June 6, 20264 min read

The thinking traps that amplify your emotions, and how to catch them.

Posted December 9, 2025 | Reviewed by Abigail Fagan

Most of us assume our emotions are direct responses to what's happening around us. Something bad happens, we feel bad. Something good happens, we feel good. Simple cause and effect.

But that's not how emotions actually work. Between every environmental trigger and every emotion , there's a middleperson: your thoughts. Your interpretation of what happened, what it means, and what's going to happen next.

These distortions are thinking traps. I call them emotional amplifiers : the thought patterns that take reasonable concern and crank it up to paralyzing dread. The good news? Once you learn to spot them, you can question them, and your emotions naturally recalibrate.

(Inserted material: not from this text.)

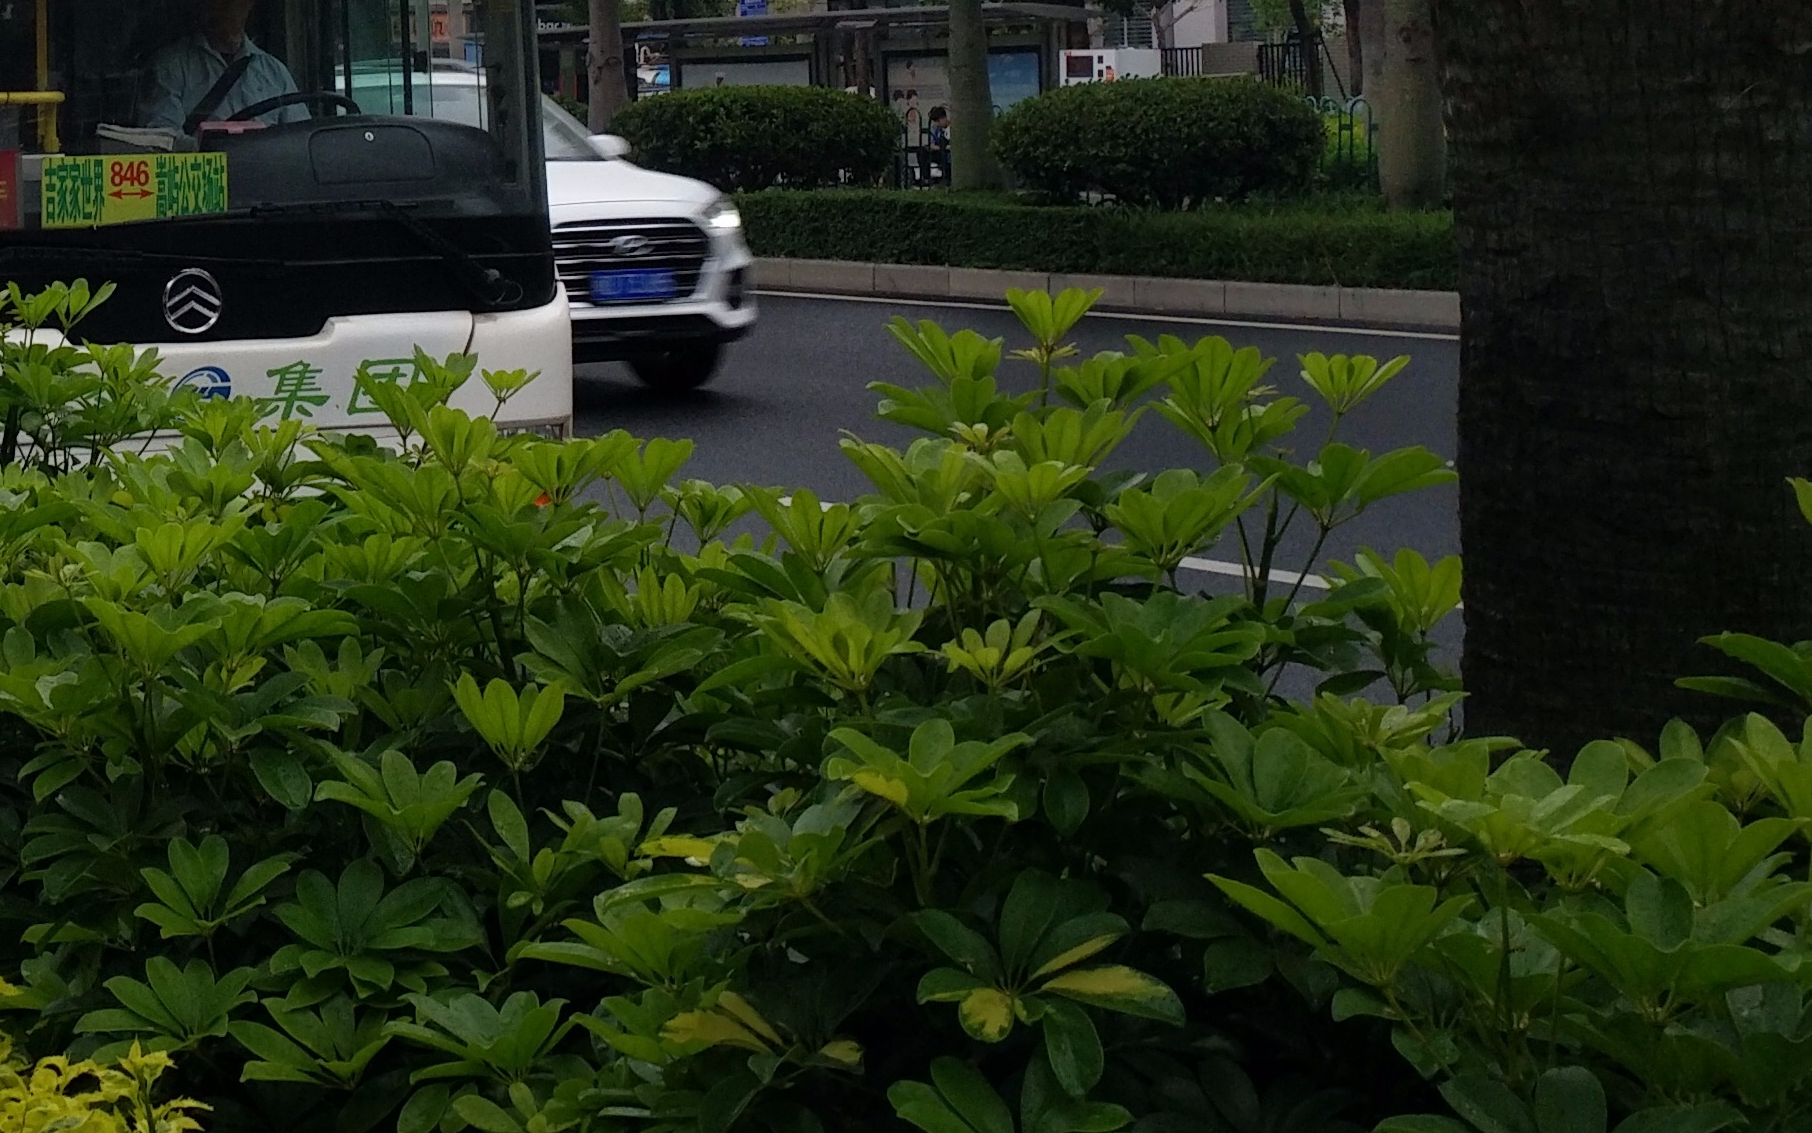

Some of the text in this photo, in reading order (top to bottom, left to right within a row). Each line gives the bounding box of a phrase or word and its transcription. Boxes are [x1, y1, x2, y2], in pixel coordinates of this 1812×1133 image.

Here are seven ways your thoughts may be lying to you:

  1. All-or-nothing thinking. You see situations in black and white with no middle ground. "If I don't get everything I want, this is a complete failure." This makes partial success impossible and sets you up to feel defeated even when you've made real progress.

  2. Overgeneralization. You take one event and extend it across time. "The last time I spoke up, it didn't go well. It never goes well for me." One data point becomes a life sentence.

  3. Magnification ( catastrophizing ). You exaggerate difficulties until a small problem becomes a catastrophe. "If this conversation goes badly, my entire career is over." You flood your system with anxiety appropriate for a crisis that isn't actually happening.

  4. Jumping to conclusions. You leap to negative interpretations of neutral events. "She didn't respond to my email—she must be upset with me." You skip past benign explanations and land on the worst one.

  5. Mind reading . You assume you know what others think without verifying. "He thinks I'm incompetent." Research on the " spotlight effect " shows we consistently overestimate how much others notice and judge us, yet mind reading feels like insight, not guessing.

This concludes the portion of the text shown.